Migalski: Ci politycy to Kabaret Starszych Panów. Czas na kontrę do czerwonych socjalistów

Dodano:   /  Zmieniono: 
Marek Migalski (fot. materiały prasowe)
Jarosław Gowin oraz Marek Migalski wystąpili na konwencji partii Polska Razem w Sosnowcu. Europoseł przekonywał, że liderzy list wyborczych innych partii do Parlamentu Europejskiego tworzą "Kabaret Starszych Panów".
-Znani dziś kandydaci do Parlamentu Europejskiego z Platformy, SLD, Twojego Ruchu, Solidarnej Polski i Kongresu Nowej Prawicy tworzą Kabaret Starszych Panów. Razem mają 366 lat. Jeżeli rodziliby się jeden pod drugim, to pierwszy z nich mógłby poznać Kmicica” – przekonywał Migalski, wiceprezes Polski Razem Jarosława Gowina. Lider ugrupowania dodał, że Migalski może zapewnić to, by województwo śląskie nie zostało zamienione w "polityczny park jurajski".

Europoseł odniósł się także bezpośrednio do swoich konkurentów. Kazimierz Kutz powinien, według Migalskiego, powiedzieć prosto w oczy swoim wyborcom, że popiera legalizację narkotyków oraz stręczycielstwa, czyli wartości dalekich tym z jakimi utożsamiają się Ślązacy. Jest to także kandydat, który chce reprezentować tylko wybraną część mieszkańców naszego województwa zapominając o ludziach żyjących w Zagłębiu, Bielsku czy Częstochowie. - Z drugiej strony jest Jerzy Buzek  - człowiek, który reprezentuje partię odpowiedzialną za wszystkie ostanie afery i nieudolne zarządzanie w województwie i za to powinien przeprosić. Niestety były premier i jedynka PO nie odnosi się do problemów występujących w województwie.– przekonywał Migalski.  Trzeba także, według lidera PRJG na Śląsku pamiętać, że to Jerzy Buzek jeszcze nie tak dawno protestował przeciwko okradaniu Polaków z ich pieniędzy z OFE, a mimo to będzie reprezentował Platformę Obywatelską na Śląsku. - Naszą odpowiedzialnością jako polityków jest dać obywatelom ofertę w kontrze do czerwonych socjalistów. Ta oferta to nasz program i nasi ludzie – podsumował polityk.

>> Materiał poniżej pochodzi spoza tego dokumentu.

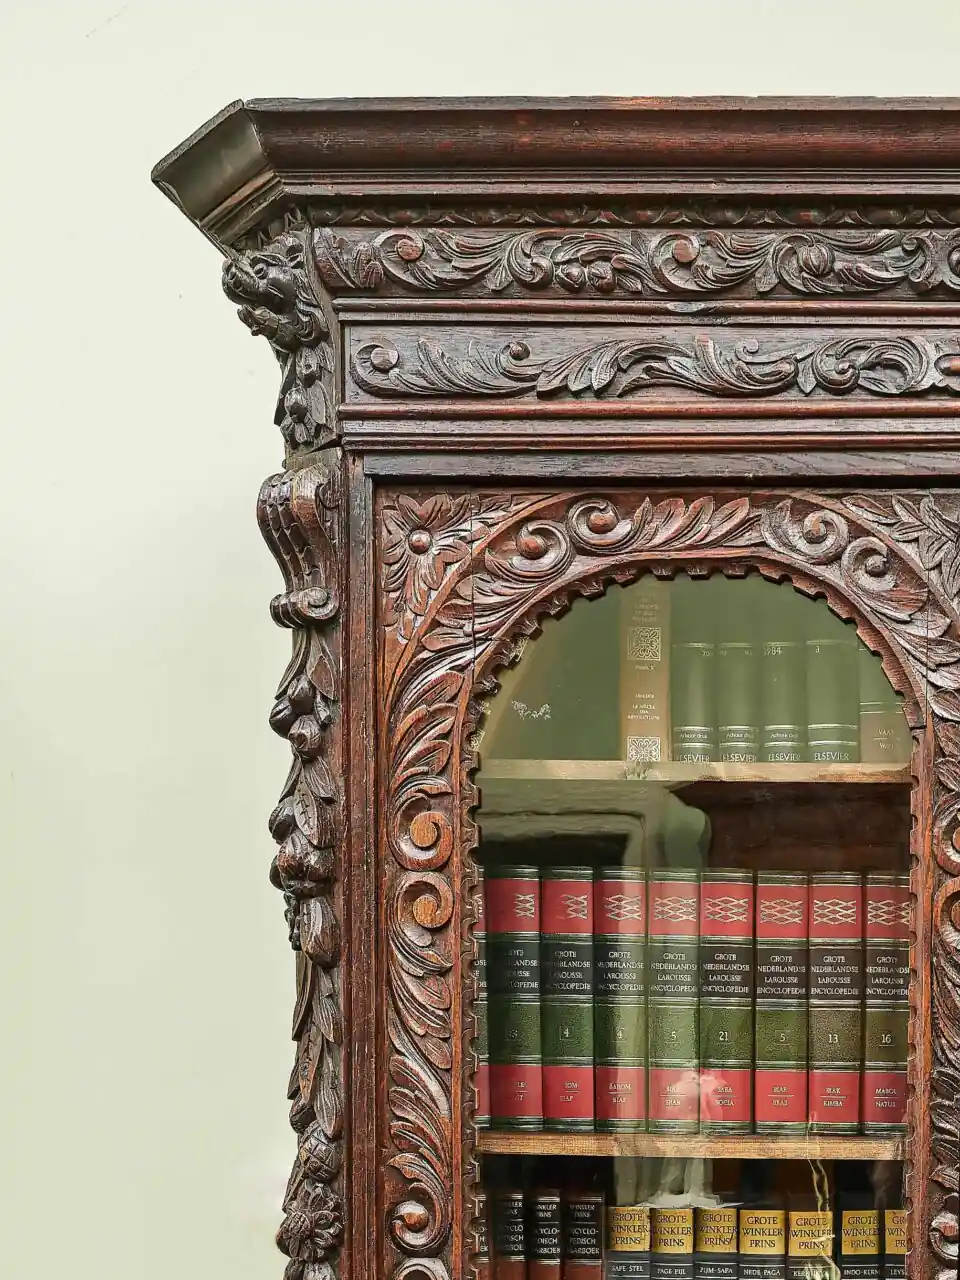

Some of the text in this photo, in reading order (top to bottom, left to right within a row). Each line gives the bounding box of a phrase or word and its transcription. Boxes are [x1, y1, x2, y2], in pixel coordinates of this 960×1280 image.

[814, 752, 849, 761] ELSEVIER
[719, 1031, 728, 1041] 21
[828, 1034, 838, 1043] 13
[882, 1034, 891, 1043] 16
[703, 1214, 732, 1222] GROTE
[747, 1216, 778, 1225] GROTE
[796, 1217, 827, 1226] GROTE
[848, 1216, 878, 1225] GROTE
[742, 1228, 784, 1236] WINKLER
[791, 1229, 832, 1238] WINKLER
[660, 1239, 684, 1247] PRINS
[704, 1237, 730, 1245] PRINS
[750, 1240, 776, 1248] PRINS
[798, 1241, 825, 1249] PRINS
[851, 1240, 876, 1248] PRINS

Gowin mówił także o konieczności obniżenia kosztów pracy. Zapowiedział, że jego celem jest likwidacja podatku dochodowego i zastąpienia go podatkiem od przychodów, by w ten sposób zmusić wszystkie podmioty gospodarcze do płacenia podatków i wyrównać szanse na rynku między firmami polskimi i zagranicznymi.

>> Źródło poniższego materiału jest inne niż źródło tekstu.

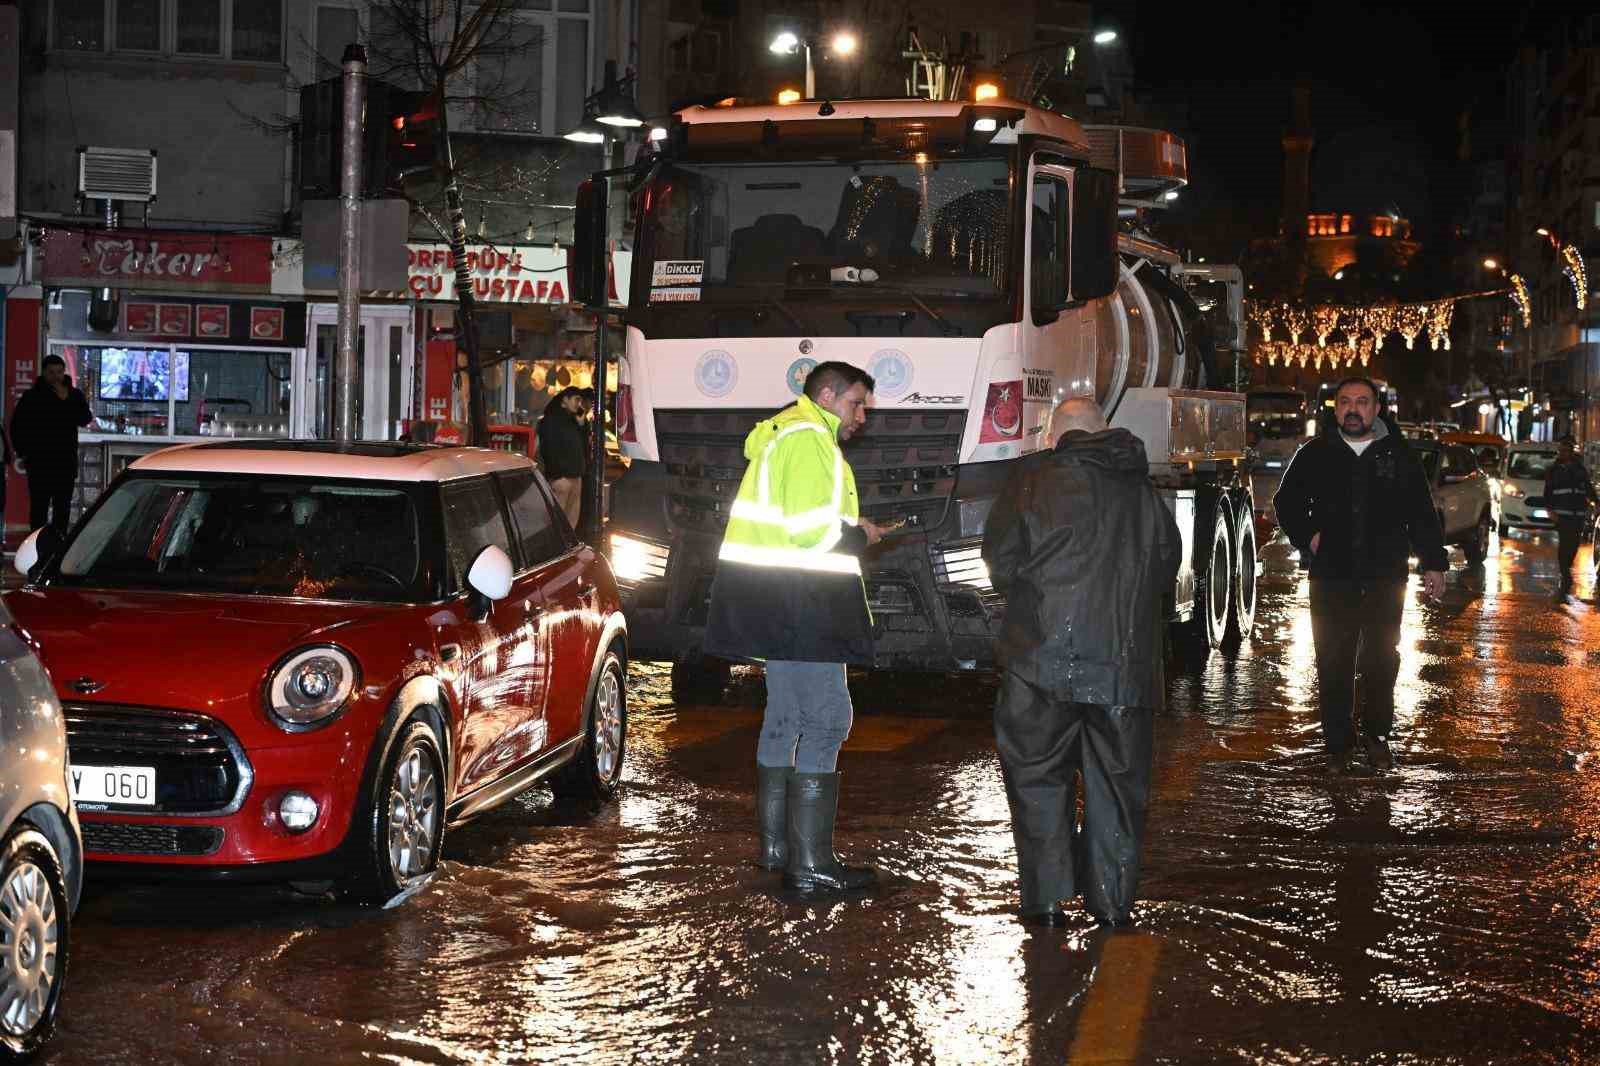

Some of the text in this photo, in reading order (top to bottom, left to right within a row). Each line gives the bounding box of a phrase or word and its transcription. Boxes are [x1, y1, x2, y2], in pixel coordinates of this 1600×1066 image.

[666, 263, 702, 274] DİKKAT
[453, 277, 565, 298] USTAFA
[104, 773, 148, 799] 060

Jarosław Gowin podkreślił konieczność likwidacji szeregu wydatków państwa, gdyż dziś według raportów niezależnych organizacji Polska jest na 145 miejscu na 180 państw w  rankingu wydatków publicznych. W Polsce wynoszą one 44% PKB. Przekonywał także, że według doniesień co trzecia łapówka w Polsce wręczana jest na Śląsku. - Jesteśmy tu po to, by odsunąć tych skorumpowanych i nieudolnych facetów od władzy - podkreślił prezes PRJG.